On November 2, 1988, computer viruses made the mainstream news headlines for the very first time – with the spread of the infamous Morris worm across the internet.
Here is a nostalgic media report broadcast at the time of the outbreak:
Released from MIT by Robert T Morris, a first-year graduate computer science at Cornell University, the worm spread rapidly – exploiting vulnerabilities in sendmail, the email server software commonly used at the time.
The problem was that many Unix servers were running a version of sendmail that included buggy debugging code, and – as Eugene Spafford explained in a fascinating November 1988 analysis of the incident – that was what the worm exploited:
The bug exploited in sendmail had to do with functionality provided by a debugging option in the code. The Worm would issue the DEBUG command to sendmail and then specify a set of commands instead of a user address as the recipient of the message. Normally, this is not allowed, but it is present in the debugging code to allow testers to verify that mail is arriving at a particular site without the need to activate the address resolution routines. The debug option of sendmail is often used because of the complexity of configuring the mailer for local conditions, and many vendors and site administrators leave the debug option compiled in.
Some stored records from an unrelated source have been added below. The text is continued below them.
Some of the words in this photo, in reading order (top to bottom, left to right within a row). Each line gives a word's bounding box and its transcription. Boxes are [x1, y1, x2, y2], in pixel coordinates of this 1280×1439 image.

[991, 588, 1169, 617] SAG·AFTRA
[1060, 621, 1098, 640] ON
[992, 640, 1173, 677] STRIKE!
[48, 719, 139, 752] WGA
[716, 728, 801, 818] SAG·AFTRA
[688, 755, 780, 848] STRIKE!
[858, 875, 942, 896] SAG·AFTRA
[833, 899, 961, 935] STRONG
The sendmail program is of immense importance on most Berkeley-derived (and other) UNIX systems because it handles the complex tasks of mail routing and delivery. Yet, despite its importance and wide-spread use, most system administrators know little about how it works. Stories are often related about how system administrators will attempt to write new device drivers or otherwise modify the kernel of the OS, yet they will not willingly attempt to modify sendmail or its configuration files.
Exploiting this and other flaws (as well as the worm’s ability to guess passwords) made it trivial for the Morris worm to infect systems rapidly, and helped it spread at great speed across the internet.
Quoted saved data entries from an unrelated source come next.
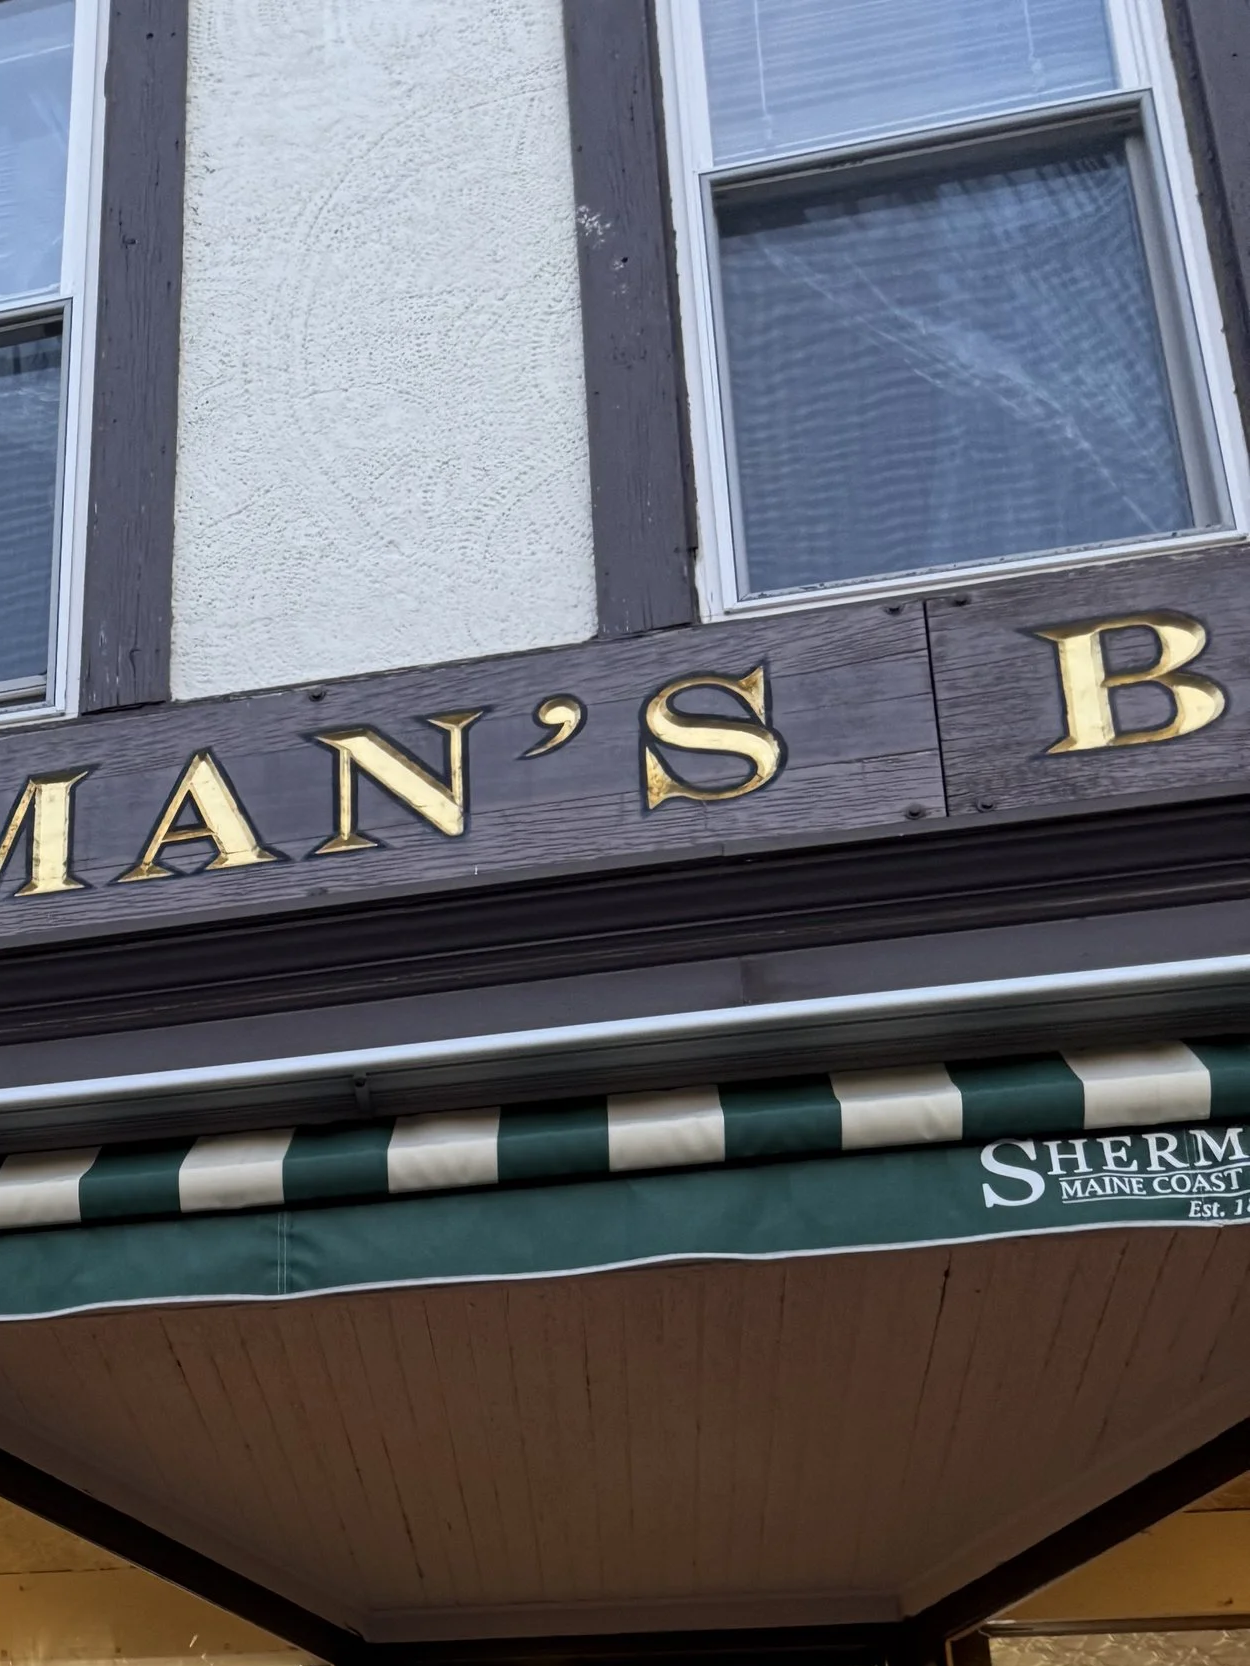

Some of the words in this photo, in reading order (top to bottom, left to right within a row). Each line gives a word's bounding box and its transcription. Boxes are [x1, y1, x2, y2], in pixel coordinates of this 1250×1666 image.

[1060, 1176, 1147, 1200] MAINE
[1153, 1169, 1243, 1195] COAST
[1188, 1200, 1226, 1219] Est.
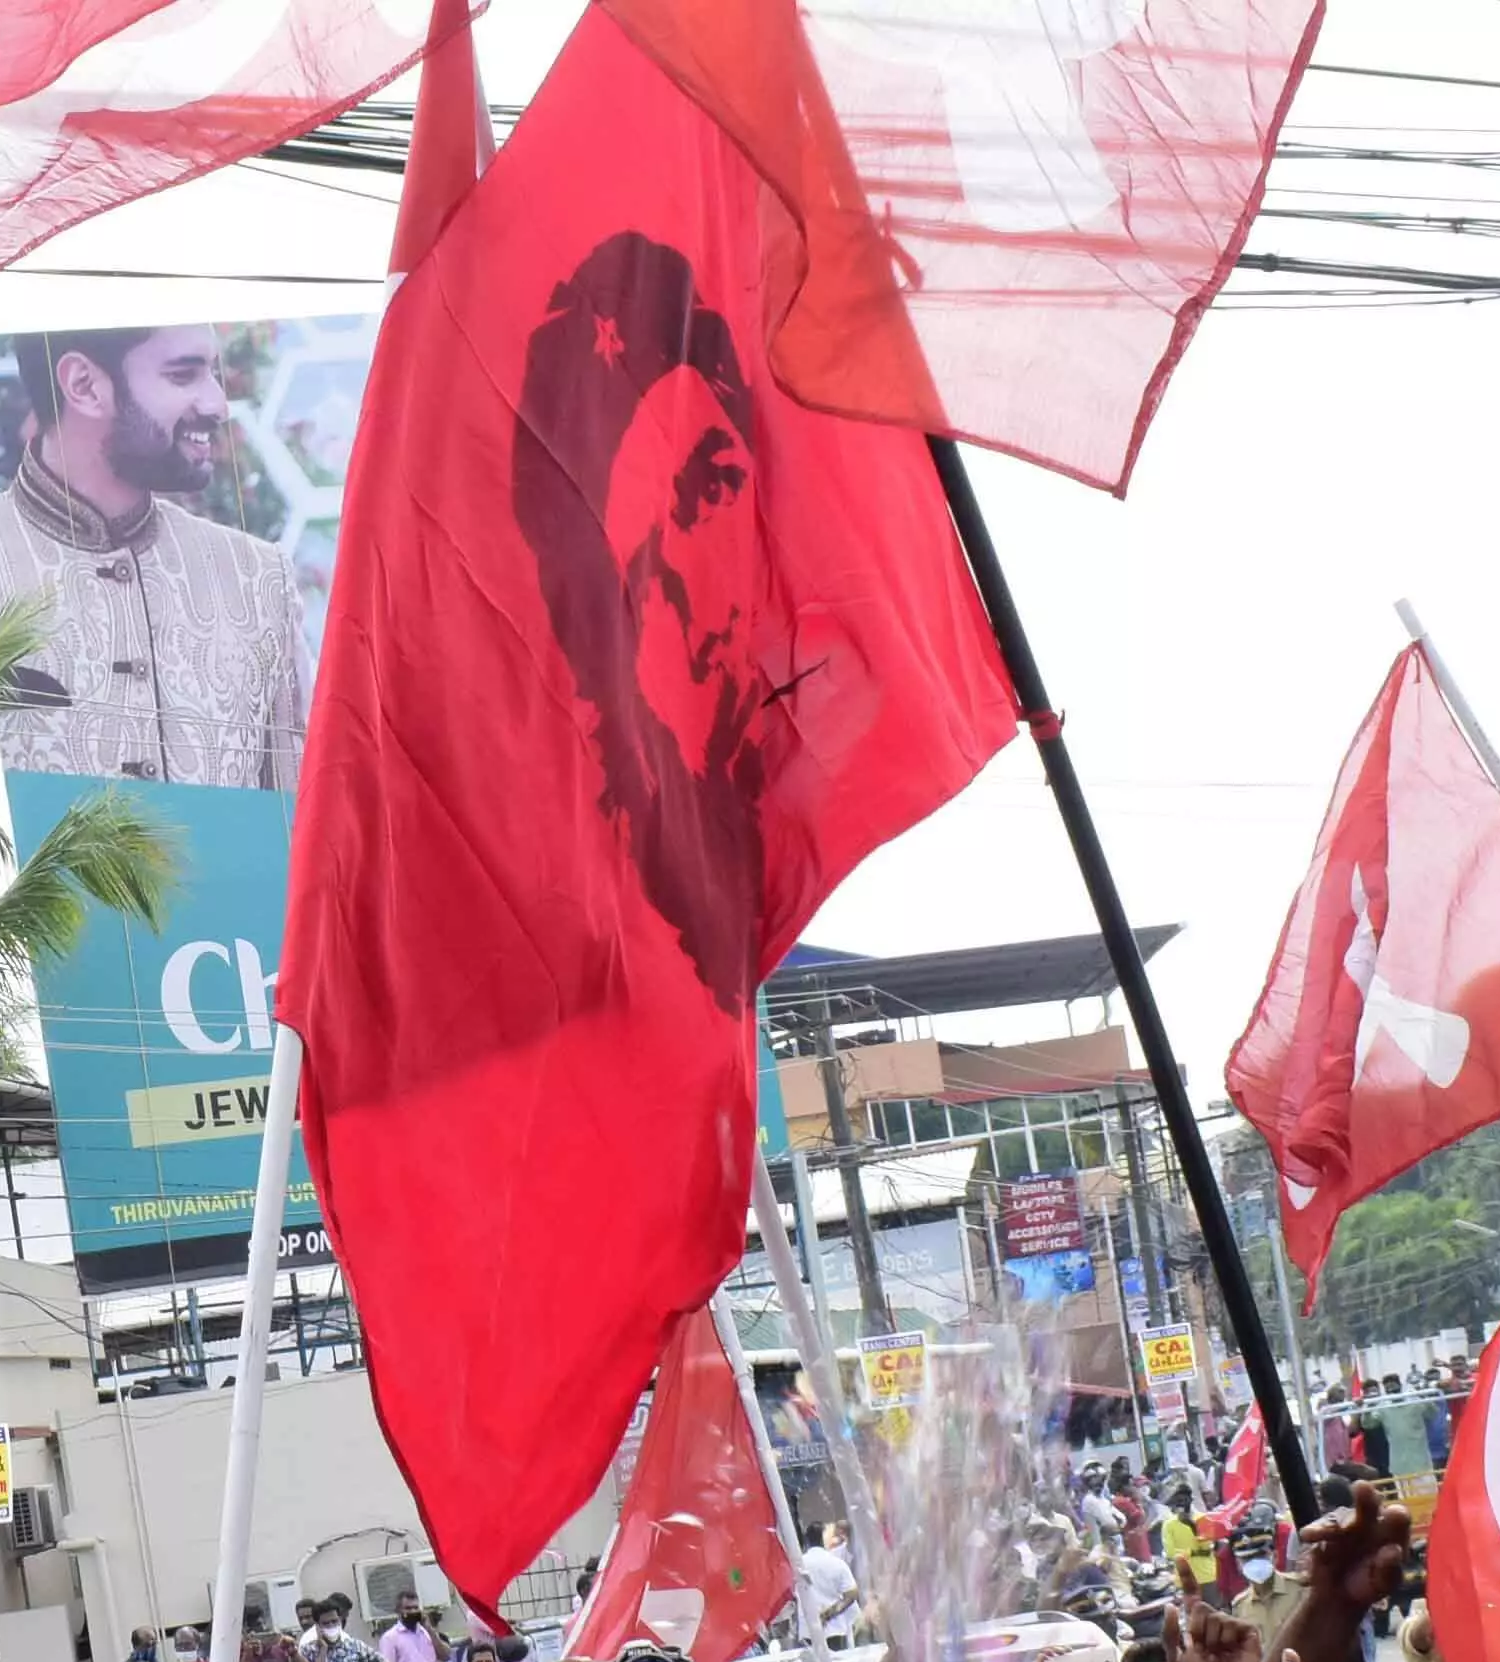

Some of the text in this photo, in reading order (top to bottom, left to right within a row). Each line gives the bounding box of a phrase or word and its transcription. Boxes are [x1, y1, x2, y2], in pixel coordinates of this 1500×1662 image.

[160, 938, 280, 1053] Ch
[184, 1085, 270, 1130] JEW
[110, 1182, 318, 1225] THIRUVANANTHUR
[1025, 1210, 1056, 1223] CCTV
[1020, 1237, 1069, 1253] SERVICE
[1154, 1339, 1183, 1354] CA
Indeed, it was estimated at the time that perhaps 10% of the internet was affected by the Morris worm – which would make it (in percentage terms) the most widespread malware of all time.
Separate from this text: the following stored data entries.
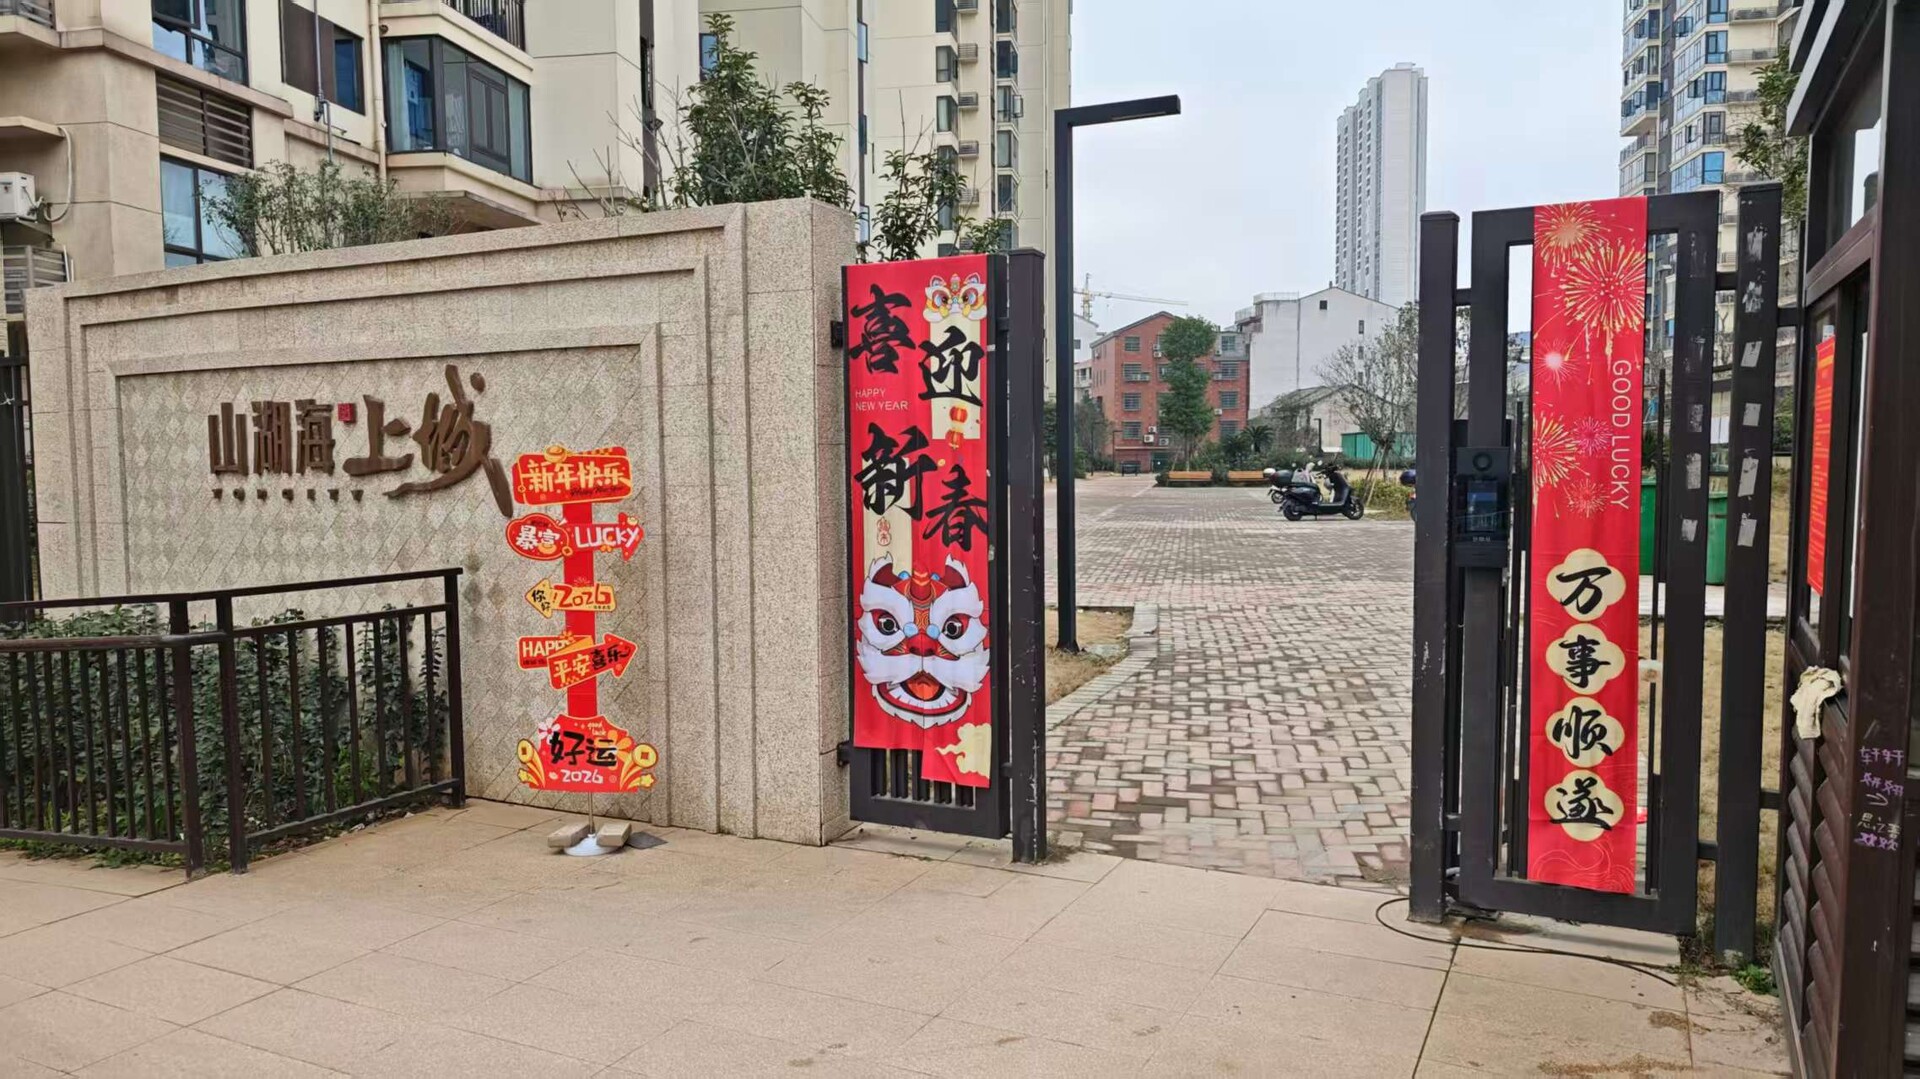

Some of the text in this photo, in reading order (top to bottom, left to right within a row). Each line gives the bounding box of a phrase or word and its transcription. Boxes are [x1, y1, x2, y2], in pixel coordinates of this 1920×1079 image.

[855, 388, 886, 398] HAPPY
[855, 400, 909, 411] NEW YEAR
[1610, 360, 1632, 509] GOOD LUCKY
[522, 459, 631, 493] 新年快乐
[575, 527, 640, 548] LUCKY
[554, 583, 612, 608] 2026
[522, 639, 572, 658] HAPP
[553, 644, 631, 683] 平安喜乐
[1550, 566, 1614, 831] 万事顺遂
[550, 731, 617, 766] 好运
[560, 769, 603, 784] 2026
Of course, the internet was a lot smaller back in 1988. :)
Nevertheless, the impact was significant – computer systems were flooded with traffic as the worm tried to spread itself further, with many crashing or grinding to a halt.
Robert T Morris was found guilty of breaking computer abuse laws in the United States, and was eventually sentenced to three years’ probation, 400 hours of community service and fines totalling over $10,000.
What Morris did was stupid and reckless – there is no doubt about that. But he wasn’t the first person to write a virus, and he was far from the last to create and spread destructive malware.
What played to his advantage, however, was that his crime was committed back in 1988. If malware like the Morris worm had spread today, then chances are that he would have received a much stiffer sentence.
But back then no-one could have predicted just how much of an impact malware and cybercrime was going to have on all of us in the future.